Vonnis waarvan beroep
Het hof verenigt zich met het beroepen vonnis en met de gronden waarop het berust – voor zover aan het oordeel van het hof onderworpen – behalve voor wat betreft de bewijsvoering.
De bewijsvoering behoeft, mede gelet op hetgeen in hoger beroep aan de orde is
gekomen, verbetering. Naast de door de rechtbank gebruikte bewijsmiddelen, komt de bewezenverklaring mede te berusten op:
De eigen waarneming van het hof met betrekking tot de camerabeelden die ter terechtzitting van dit hof op 21 mei 2021 zijn getoond, inhoudende:
Het hof neemt op de camerabeelden waar dat de persoon die hierop is te zien, waarvan de verdachte zelf heeft verklaard dat hij dat is, onder zijn rechterarm een rechthoekig voorwerp heeft geklemd. Dit steekt af tegen het lichtkleurige shirt van de verdachte. De verdachte ondersteunt dit voorwerp met zijn rechterhand aan de onderkant waarbij hij zijn arm gestrekt heeft. Met zijn linkerhand houdt hij het voorwerp aan de bovenkant vast. Hij houdt daarbij zijn linkerarm gebogen in een hoek van 90 graden. Met de rechterhand ondersteunt de verdachte het voorwerp en met de linkerhand stuurt hij het voorwerp.
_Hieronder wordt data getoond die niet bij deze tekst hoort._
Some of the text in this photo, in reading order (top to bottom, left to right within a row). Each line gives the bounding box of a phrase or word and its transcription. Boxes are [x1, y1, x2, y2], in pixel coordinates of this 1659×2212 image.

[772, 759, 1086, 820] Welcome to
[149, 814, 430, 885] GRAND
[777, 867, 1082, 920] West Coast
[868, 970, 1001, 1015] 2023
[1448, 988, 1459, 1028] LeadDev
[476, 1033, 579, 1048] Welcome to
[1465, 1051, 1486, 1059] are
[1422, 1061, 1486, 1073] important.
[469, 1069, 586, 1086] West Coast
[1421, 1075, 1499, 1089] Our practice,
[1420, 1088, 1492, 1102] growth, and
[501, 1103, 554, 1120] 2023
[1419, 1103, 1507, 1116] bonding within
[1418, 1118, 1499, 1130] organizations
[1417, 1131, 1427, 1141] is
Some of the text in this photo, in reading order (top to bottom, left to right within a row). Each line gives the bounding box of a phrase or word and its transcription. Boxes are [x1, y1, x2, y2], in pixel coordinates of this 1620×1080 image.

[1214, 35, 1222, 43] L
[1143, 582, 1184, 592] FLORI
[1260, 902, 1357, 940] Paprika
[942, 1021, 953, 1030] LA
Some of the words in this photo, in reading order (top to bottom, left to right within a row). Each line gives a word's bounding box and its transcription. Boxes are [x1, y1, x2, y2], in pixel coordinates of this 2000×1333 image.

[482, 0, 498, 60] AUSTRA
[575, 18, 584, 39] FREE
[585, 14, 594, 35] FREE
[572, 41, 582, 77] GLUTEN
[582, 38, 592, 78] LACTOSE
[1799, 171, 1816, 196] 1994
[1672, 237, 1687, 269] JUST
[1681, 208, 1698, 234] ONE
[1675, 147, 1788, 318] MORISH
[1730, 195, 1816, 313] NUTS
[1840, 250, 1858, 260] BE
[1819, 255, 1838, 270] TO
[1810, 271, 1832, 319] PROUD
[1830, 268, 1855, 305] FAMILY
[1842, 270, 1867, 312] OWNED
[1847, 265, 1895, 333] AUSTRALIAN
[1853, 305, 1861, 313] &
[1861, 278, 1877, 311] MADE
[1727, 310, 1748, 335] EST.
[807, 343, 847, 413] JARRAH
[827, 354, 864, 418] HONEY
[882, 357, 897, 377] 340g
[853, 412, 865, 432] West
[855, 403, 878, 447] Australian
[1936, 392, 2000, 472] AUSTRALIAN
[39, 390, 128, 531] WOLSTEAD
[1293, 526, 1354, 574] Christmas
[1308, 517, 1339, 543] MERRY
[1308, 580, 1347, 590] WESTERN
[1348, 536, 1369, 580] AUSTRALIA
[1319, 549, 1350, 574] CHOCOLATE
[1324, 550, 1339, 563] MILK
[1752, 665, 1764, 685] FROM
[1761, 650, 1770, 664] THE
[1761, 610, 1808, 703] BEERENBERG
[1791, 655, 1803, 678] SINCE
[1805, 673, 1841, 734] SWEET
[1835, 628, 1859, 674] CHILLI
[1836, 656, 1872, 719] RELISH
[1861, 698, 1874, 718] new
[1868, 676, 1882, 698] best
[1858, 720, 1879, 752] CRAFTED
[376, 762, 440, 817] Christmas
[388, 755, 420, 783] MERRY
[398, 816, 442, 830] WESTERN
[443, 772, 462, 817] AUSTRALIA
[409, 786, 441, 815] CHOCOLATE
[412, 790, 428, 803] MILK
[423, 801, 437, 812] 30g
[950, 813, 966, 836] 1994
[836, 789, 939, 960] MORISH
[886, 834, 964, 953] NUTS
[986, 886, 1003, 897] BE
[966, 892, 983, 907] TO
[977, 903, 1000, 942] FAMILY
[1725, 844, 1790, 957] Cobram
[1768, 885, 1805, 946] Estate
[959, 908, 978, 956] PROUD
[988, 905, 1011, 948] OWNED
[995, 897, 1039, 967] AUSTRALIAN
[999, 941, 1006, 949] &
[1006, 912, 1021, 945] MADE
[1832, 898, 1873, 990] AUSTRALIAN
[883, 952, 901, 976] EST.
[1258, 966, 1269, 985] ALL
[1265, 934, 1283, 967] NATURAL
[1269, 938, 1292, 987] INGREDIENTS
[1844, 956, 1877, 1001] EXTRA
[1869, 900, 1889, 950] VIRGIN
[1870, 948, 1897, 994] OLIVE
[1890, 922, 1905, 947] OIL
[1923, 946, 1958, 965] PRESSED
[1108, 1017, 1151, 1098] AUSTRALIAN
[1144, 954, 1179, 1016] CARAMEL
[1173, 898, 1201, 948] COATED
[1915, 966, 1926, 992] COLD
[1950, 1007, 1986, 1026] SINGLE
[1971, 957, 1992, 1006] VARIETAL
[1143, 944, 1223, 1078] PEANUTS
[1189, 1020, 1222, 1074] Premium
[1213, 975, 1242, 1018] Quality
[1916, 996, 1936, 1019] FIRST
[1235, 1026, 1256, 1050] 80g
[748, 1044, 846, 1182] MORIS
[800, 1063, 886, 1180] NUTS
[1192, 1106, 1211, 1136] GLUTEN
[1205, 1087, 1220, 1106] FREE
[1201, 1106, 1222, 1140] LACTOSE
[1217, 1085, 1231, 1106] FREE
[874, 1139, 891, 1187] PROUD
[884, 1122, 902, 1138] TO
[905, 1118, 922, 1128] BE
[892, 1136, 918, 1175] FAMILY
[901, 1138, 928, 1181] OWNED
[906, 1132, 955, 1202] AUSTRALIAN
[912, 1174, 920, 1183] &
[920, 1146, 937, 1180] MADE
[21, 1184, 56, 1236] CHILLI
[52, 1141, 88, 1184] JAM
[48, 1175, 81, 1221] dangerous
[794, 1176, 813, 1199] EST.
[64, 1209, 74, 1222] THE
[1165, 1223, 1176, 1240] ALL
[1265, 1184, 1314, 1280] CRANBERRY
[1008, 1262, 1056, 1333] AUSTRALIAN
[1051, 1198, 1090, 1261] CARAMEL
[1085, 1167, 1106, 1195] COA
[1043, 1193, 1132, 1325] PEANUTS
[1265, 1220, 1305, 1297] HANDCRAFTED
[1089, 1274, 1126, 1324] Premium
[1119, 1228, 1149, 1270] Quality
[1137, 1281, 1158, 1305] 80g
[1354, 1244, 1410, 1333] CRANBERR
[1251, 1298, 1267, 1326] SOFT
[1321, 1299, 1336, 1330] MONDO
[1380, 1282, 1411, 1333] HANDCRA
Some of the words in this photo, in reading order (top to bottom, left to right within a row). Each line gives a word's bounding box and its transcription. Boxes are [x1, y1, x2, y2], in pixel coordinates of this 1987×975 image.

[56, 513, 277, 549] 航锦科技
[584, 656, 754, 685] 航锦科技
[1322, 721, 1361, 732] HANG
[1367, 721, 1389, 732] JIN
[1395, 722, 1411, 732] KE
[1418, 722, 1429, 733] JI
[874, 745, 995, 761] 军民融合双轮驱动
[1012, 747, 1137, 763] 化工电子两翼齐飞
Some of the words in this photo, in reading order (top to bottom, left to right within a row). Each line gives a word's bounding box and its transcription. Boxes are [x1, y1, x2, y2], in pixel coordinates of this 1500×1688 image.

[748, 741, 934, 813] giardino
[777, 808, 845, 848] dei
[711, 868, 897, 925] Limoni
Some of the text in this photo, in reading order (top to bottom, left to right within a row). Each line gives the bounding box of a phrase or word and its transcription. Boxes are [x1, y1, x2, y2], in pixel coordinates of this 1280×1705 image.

Voorts vult het hof het bewijs aan met de onderstaande passage afkomstig uit het proces-verbaal van bevindingen d.d. 6 juni 2017, pagina 531, zoals vermeld in voetnoot 2 van het vonnis van de rechtbank:
Op 2 juni 2017 vond er een doorzoeking ter inbeslagname plaats in de woning gelegen aan het [adres 2] te Maastricht, (
het hof begrijpt in samenhang bezien met pagina’s 500 en 501 van het politiedossier:)de woning van [slachtoffer]
.
Tot slot vervangt het hof het bewijsmiddel “foto’s van deze doos” zoals genoemd in voetnoot 2 van het vonnis van de rechtbank door de navolgende eigen waarneming van het hof:
Het hof neemt op de foto’s opgenomen in het politiedossier op pagina’s 533 tot en met 535 een doos waar, waarop onder andere staat “Acer” en “Aspire E 17”.

BESLISSING

Het hof:
Bevestigt het vonnis waarvan beroep voor zover aan het oordeel van het hof onderworpen met inachtneming van het hiervoor overwogene.
Aldus gewezen door:
mr. W.E.C.A. Valkenburg, voorzitter,
mr. B. Stapert en mr. A.H.T. de Haas, raadsheren,
in tegenwoordigheid van mr. M.M. Tatters, griffier,
en op 4 juni 2021 ter openbare terechtzitting uitgesproken.
Mr. A.H.T. de Haas is buiten staat dit arrest mede te ondertekenen.